Nietzsche contra Nietzsche: sorprenderé al mundo con mi autotraición. ¿Pero no estoy montando nuevamente el caballo de Napoleón y cabalgo hacia el campo de batalla del pensamiento aristocrático que acabo de abandonar?... El cesarismo de los genios es congénito: al tener con quien luchar, excepto con su mente, se abstrae de las masas necias y forma una barricada tras su falsa tesis de pensamiento antidemocrático. Pero su ansia de poder es realmente un ansia de impotencia, el deseo de exilarse a sí mismo de su humanidad. Como sugirió Pascal, una vez que nos hemos embarcado en la aventura de lo humano, no podemos volver atrás hacia lo subhumano o dirigirnos hacia lo sobrehumano.
Nuestra humanidad nos pone limitaciones, rompe los muros de nuestros propios cuerpos y provoca a los dioses con el desafío de Prometeo: ésa es la senda que he seguido, senda que yo procuré abandonar cuando escribí Humano, demasiado humano y La alegre sabiduría. Pero si nos mantenemos dentro de las barreras de lo humano llegamos a la misma conclusión que Macbeth: la vida es un cuento narrado por un idiota; la vida, en la forma prescrita por los filisteos, se convierte en una mofa y nos vemos forzados a acudir a los imaginarios dioses que hay en nosotros para superar la vida y habitar en la rara atmósfera del Superhombre: el aire puro de la locura mesiánica. De este modo, los ateos como Delacroix, Berlioz y yo, nos convertimos en artistas intoxicados de Dios, y por intermedio del arte nos convencimos a nosotros mismos de hacer el papel de frenéticos mesías, luchadores del “ideal” que desechamos por considerarlo superstición religiosa.
¿Qué sé?, preguntaba Montaigne. En los tiempos del Renacimiento el hombre se enorgullecía del conocimiento, pero nosotros, con la salvaje indignación de nuestros corazones, estamos empantanados en la confusión del sentimiento y pensamiento modernos, que a pesar del superficial optimismo de nuestro siglo nos obliga a decir como Berlioz:
¿De qué sirve? El pensamiento y la sensibilidad se han negado a sí mismos; estamos en el torbellino mismo del nihilismo; por eso he predicado una era de caos y delirio en que los hombres beben de la copa del temblor y sucumben en el estrago de la guerra universal.
Un Aristófanes del siglo veinte me pondrá en la picota, tal como Demócrito fue una vez objeto de sátiras: ¡Viva el “rey torbellino” que ha destronado a Zeus!
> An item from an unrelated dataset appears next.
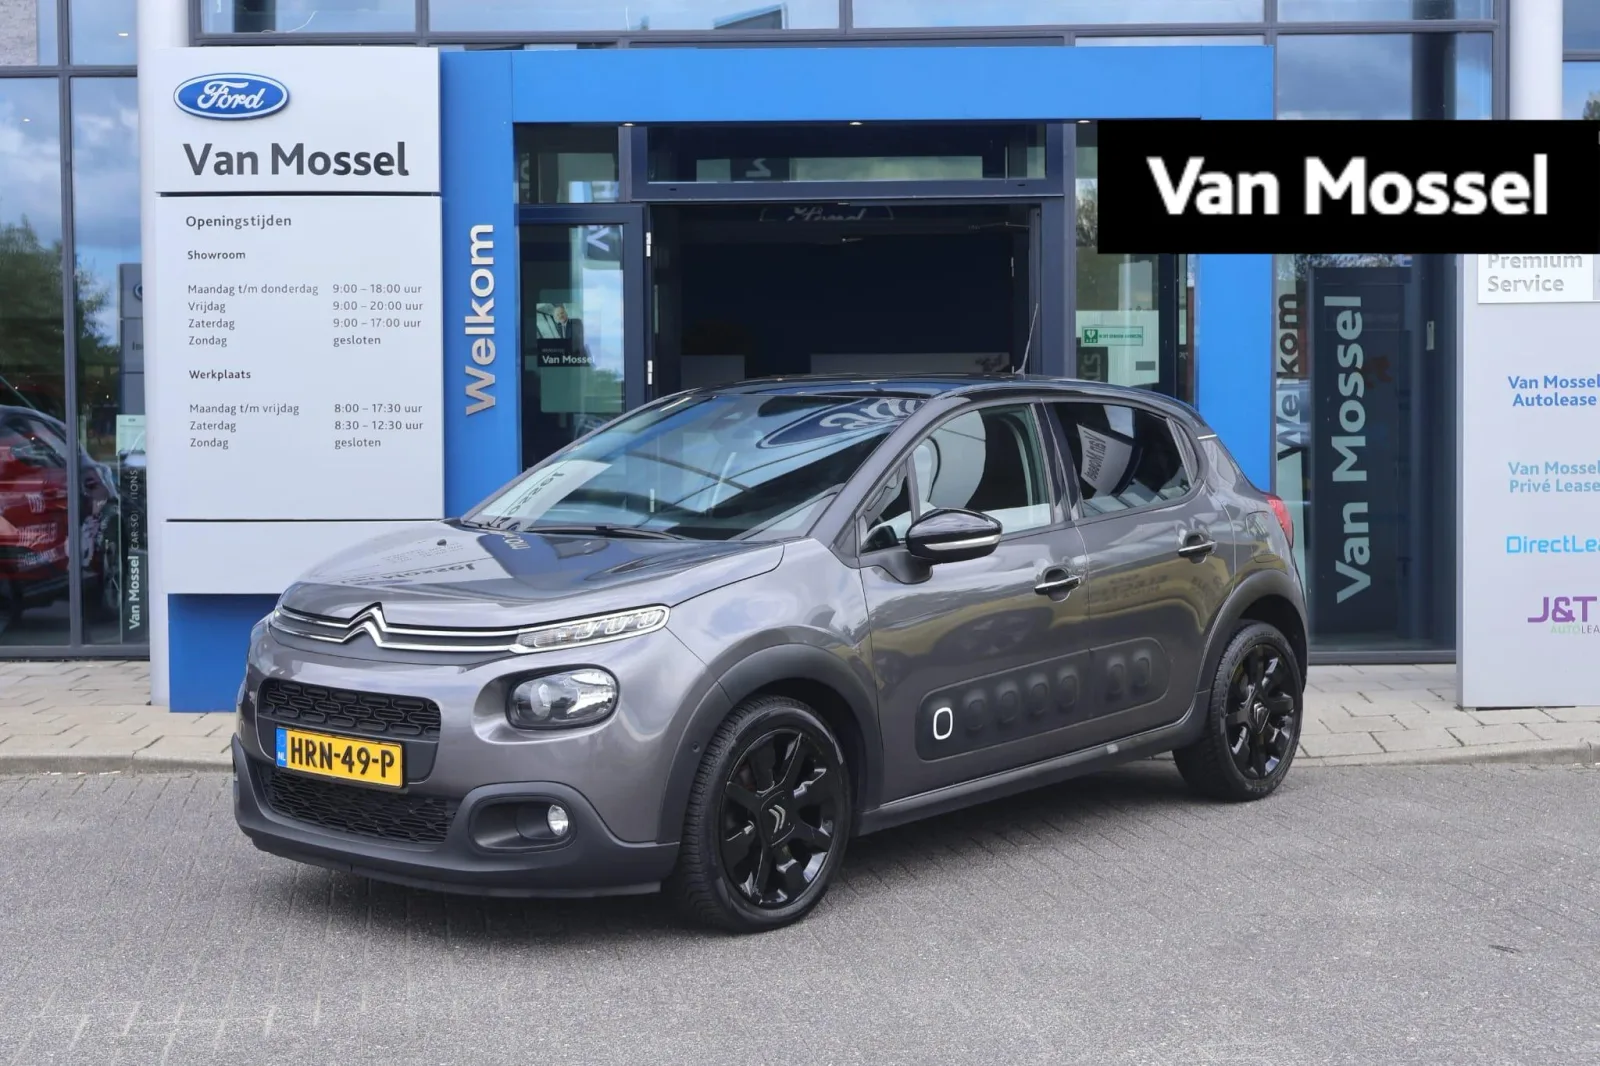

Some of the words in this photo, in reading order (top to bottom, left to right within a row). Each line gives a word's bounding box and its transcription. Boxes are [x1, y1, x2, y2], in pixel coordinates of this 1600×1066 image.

O dentro de una canasta, junto con Sócrates y Zaratustra, me elevarán para resollar el aire de la montaña de la inteligencia pura, mientras ríen los hombres vulgares, mordiendo sus salchichas y tragando sus jarros de cerveza para demostrar su mundana superioridad sobre los filósofos que arañan los cielos.
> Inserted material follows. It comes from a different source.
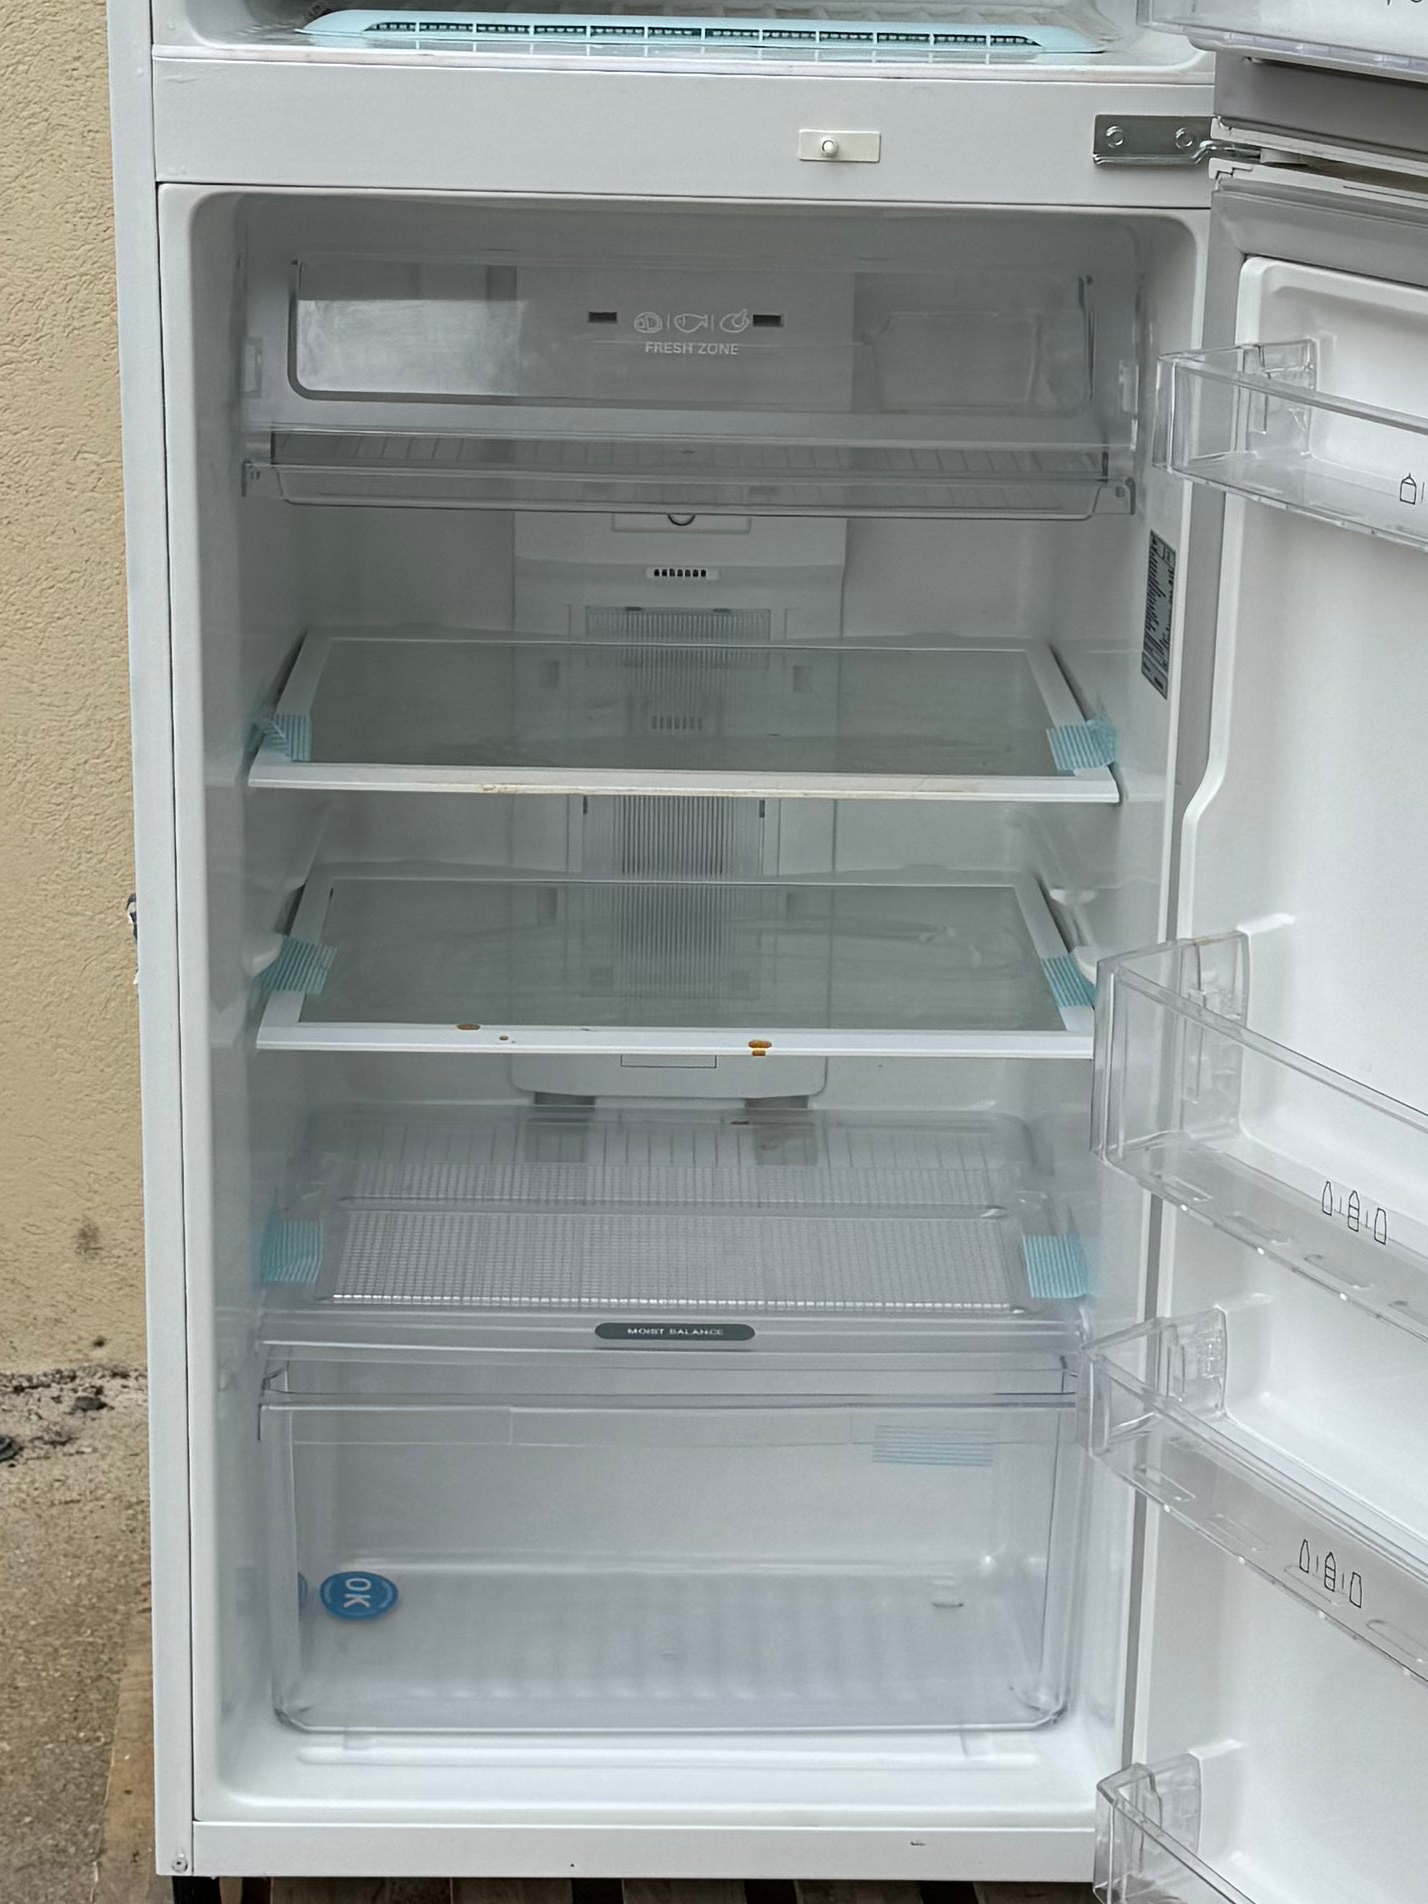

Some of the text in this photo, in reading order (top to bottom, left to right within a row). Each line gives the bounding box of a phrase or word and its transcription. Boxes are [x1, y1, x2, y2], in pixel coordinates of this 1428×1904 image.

[645, 342, 739, 355] FRESH ZONE
[627, 1327, 724, 1336] MOIST BALANCE
[344, 1578, 371, 1608] OK
La verdad es que el pensamiento moderno está encadenado como la asustada Andrómeda a la roca cercada por el mar, mientras la “quimera” del nihilismo que respira en el infierno, escupe fuego y azufre sobre su hermosa desnudez. Como el conquistador Perseo, me precipité al rescate de esta divina cautiva, y sostuve en mis brazos su casta desnudez. Pero como soy una criatura de mi siglo, comencé a escupir fuego sobre sus muslos y su pecho: yo mismo era la “quimera”, una parte de la locura de nuestro tiempo contra la cual luché desempeñando el papel del infinito Perseo, el pensador socrático cuya mente marcha al unísono con la mente de lo “absoluto”.
Condenado por la fe y la incredulidad, por la razón y el instinto, por la carne y el espíritu, ven a la “quimera” que devora a Andrómeda en un estallido de llameante locura. Y esta llameante locura está en mi cerebro: soy el “devorado” y el “devorador”, el asesino y el asesinado.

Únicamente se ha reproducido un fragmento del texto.